#### PROBLEM REQUIREMENTS:
Every record must be repeated exactly; omit any pictures they contain.

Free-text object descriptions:
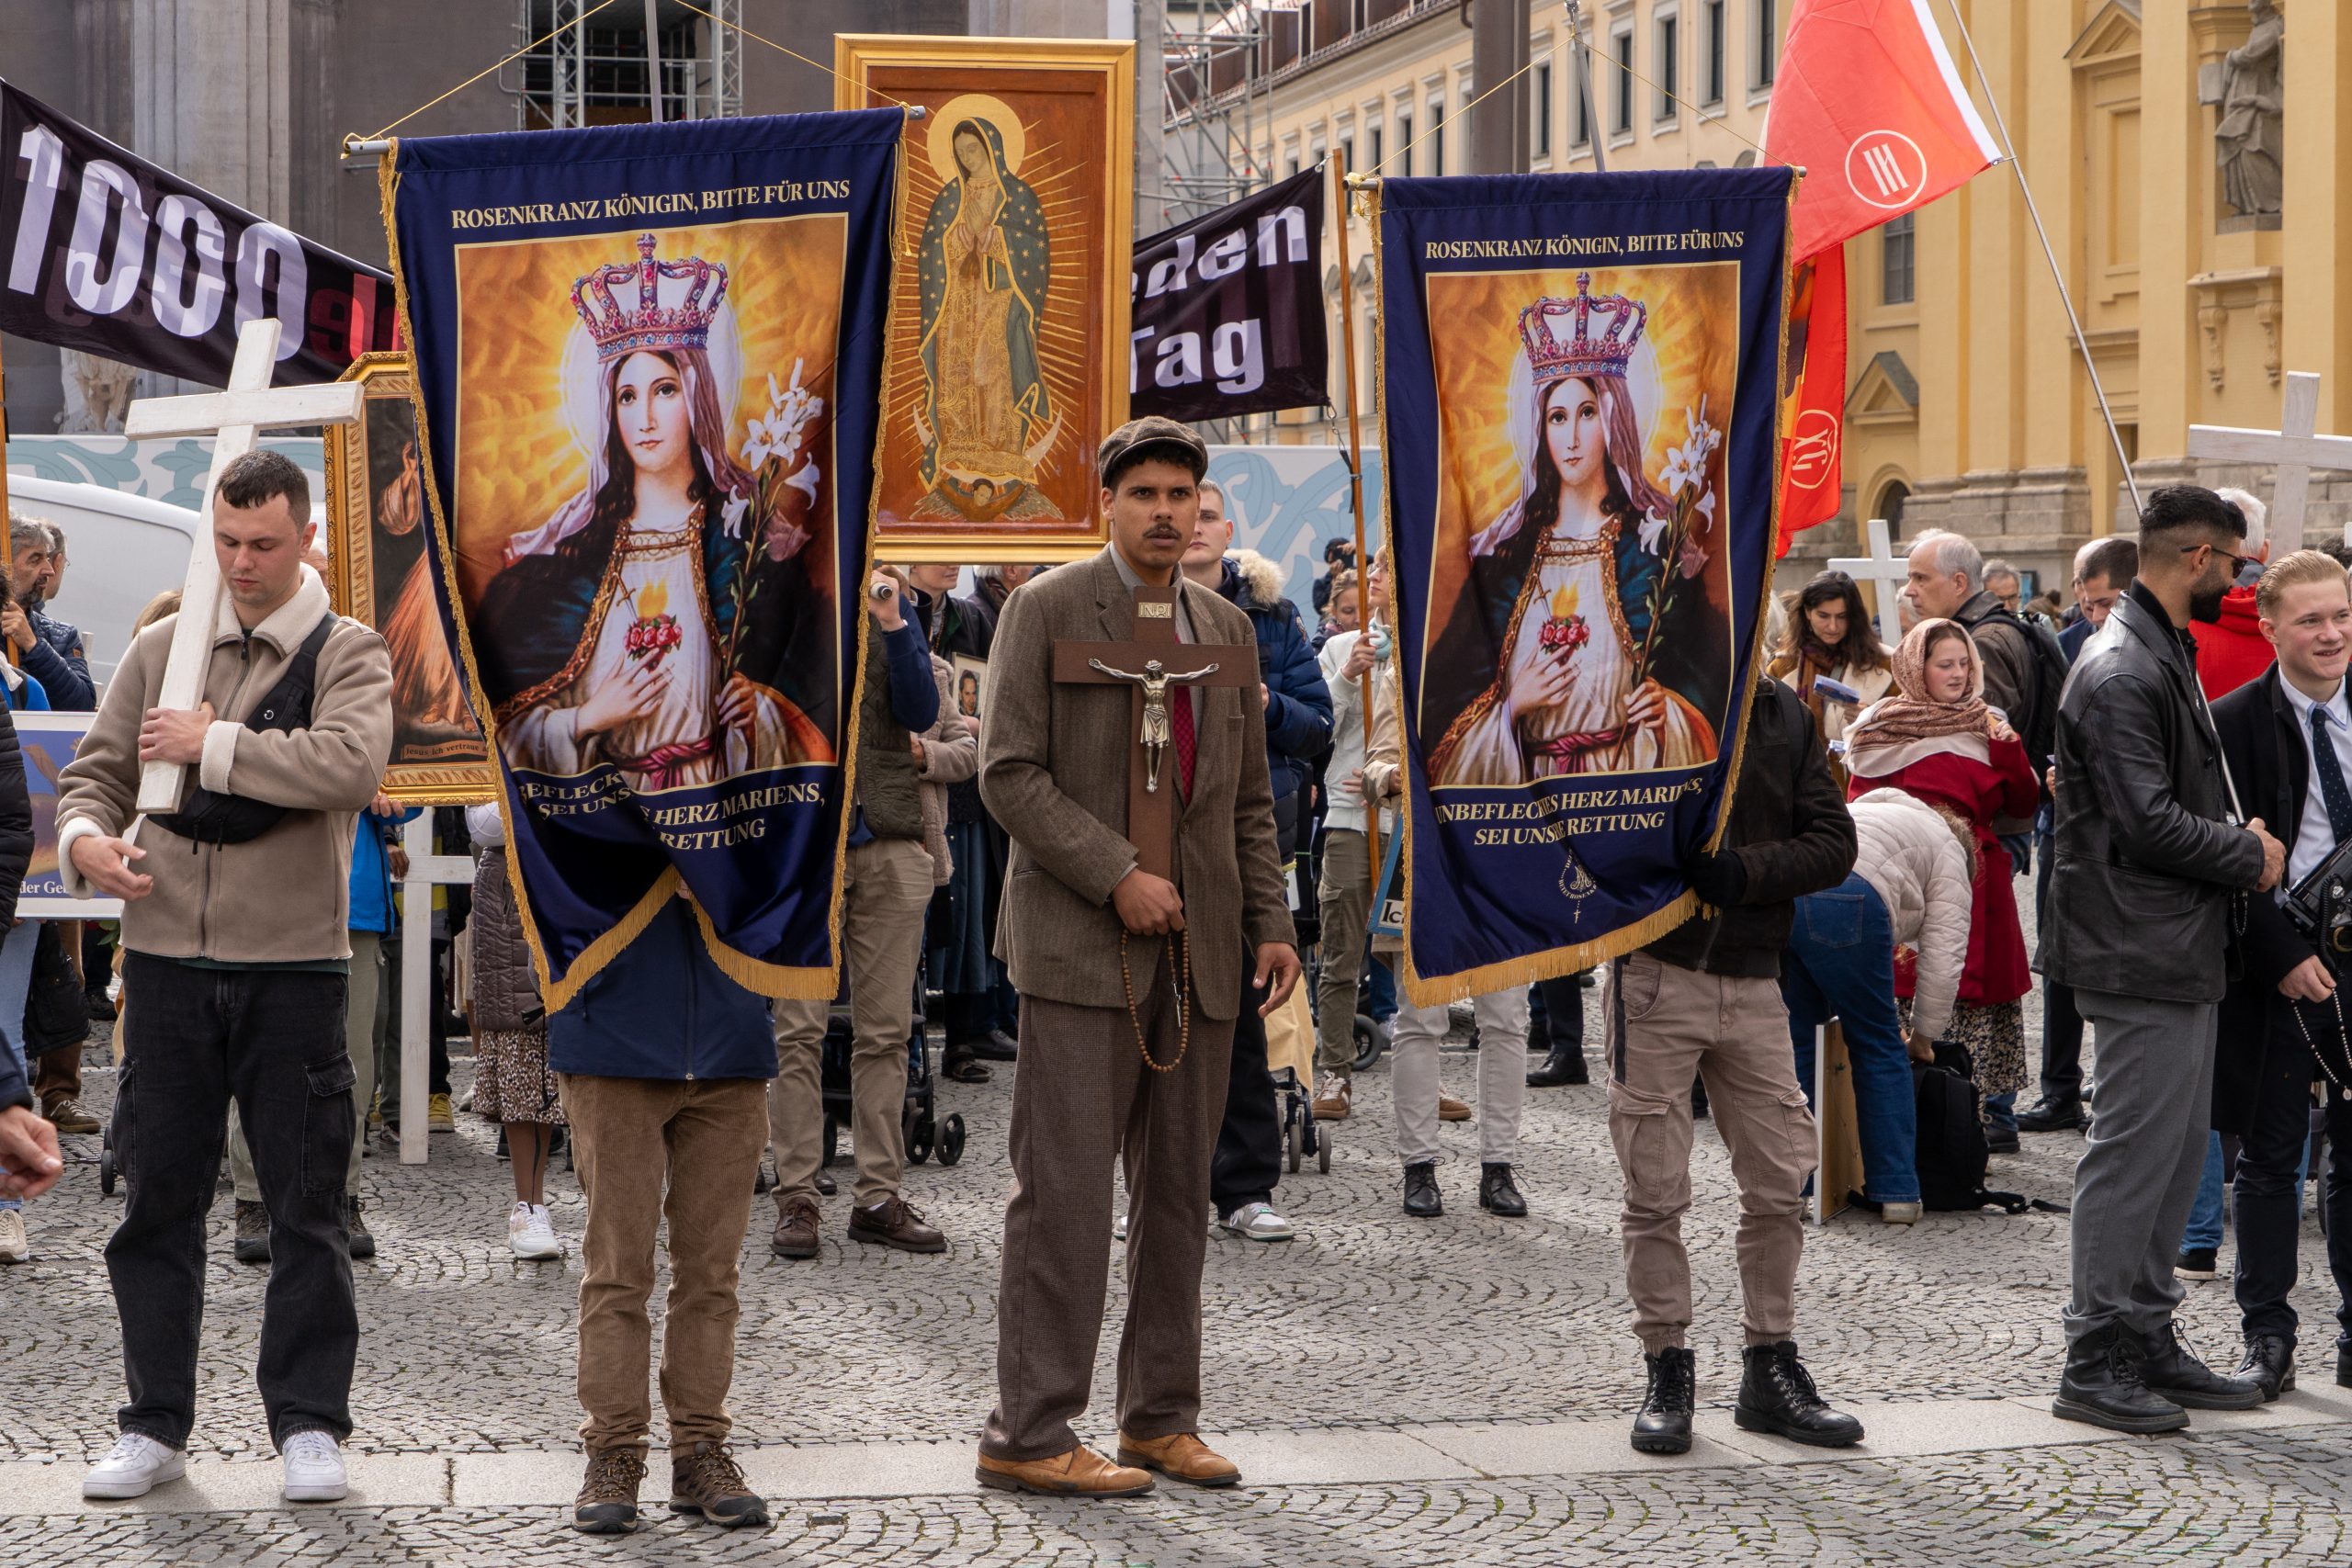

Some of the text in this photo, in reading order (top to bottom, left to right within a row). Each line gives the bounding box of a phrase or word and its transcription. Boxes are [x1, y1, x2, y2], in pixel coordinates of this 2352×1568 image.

[451, 179, 851, 229] ROSENKRANZ KÖNIGIN, BITTE FÜR UNS
[7, 123, 308, 361] 1000
[1426, 229, 1744, 259] ROSENKRANZ KÖNIGIN, BITTE FÜR UNS
[1140, 604, 1170, 616] INRI
[654, 802, 719, 826] HERZ
[721, 782, 825, 818] MARIENS,
[1561, 789, 1618, 810] HERZ
[538, 803, 578, 820] SEI
[660, 818, 766, 850] RETTUNG
[1474, 829, 1510, 845] SEI
[1567, 811, 1666, 836] RETTUNG
[43, 880, 67, 894] Ge
[1382, 901, 1405, 924] Ic

#### RESPONSE AREA:
Some of the text in this photo, in reading order (top to bottom, left to right within a row). Each line gives the bounding box of a phrase or word and its transcription. Boxes are [x1, y1, x2, y2], in pixel coordinates of this 2352×1568 image.

[451, 179, 851, 229] ROSENKRANZ KÖNIGIN, BITTE FÜR UNS
[7, 123, 308, 361] 1000
[1426, 229, 1744, 259] ROSENKRANZ KÖNIGIN, BITTE FÜR UNS
[1140, 604, 1170, 616] INRI
[654, 802, 719, 826] HERZ
[721, 782, 825, 818] MARIENS,
[1561, 789, 1618, 810] HERZ
[538, 803, 578, 820] SEI
[660, 818, 766, 850] RETTUNG
[1474, 829, 1510, 845] SEI
[1567, 811, 1666, 836] RETTUNG
[43, 880, 67, 894] Ge
[1382, 901, 1405, 924] Ic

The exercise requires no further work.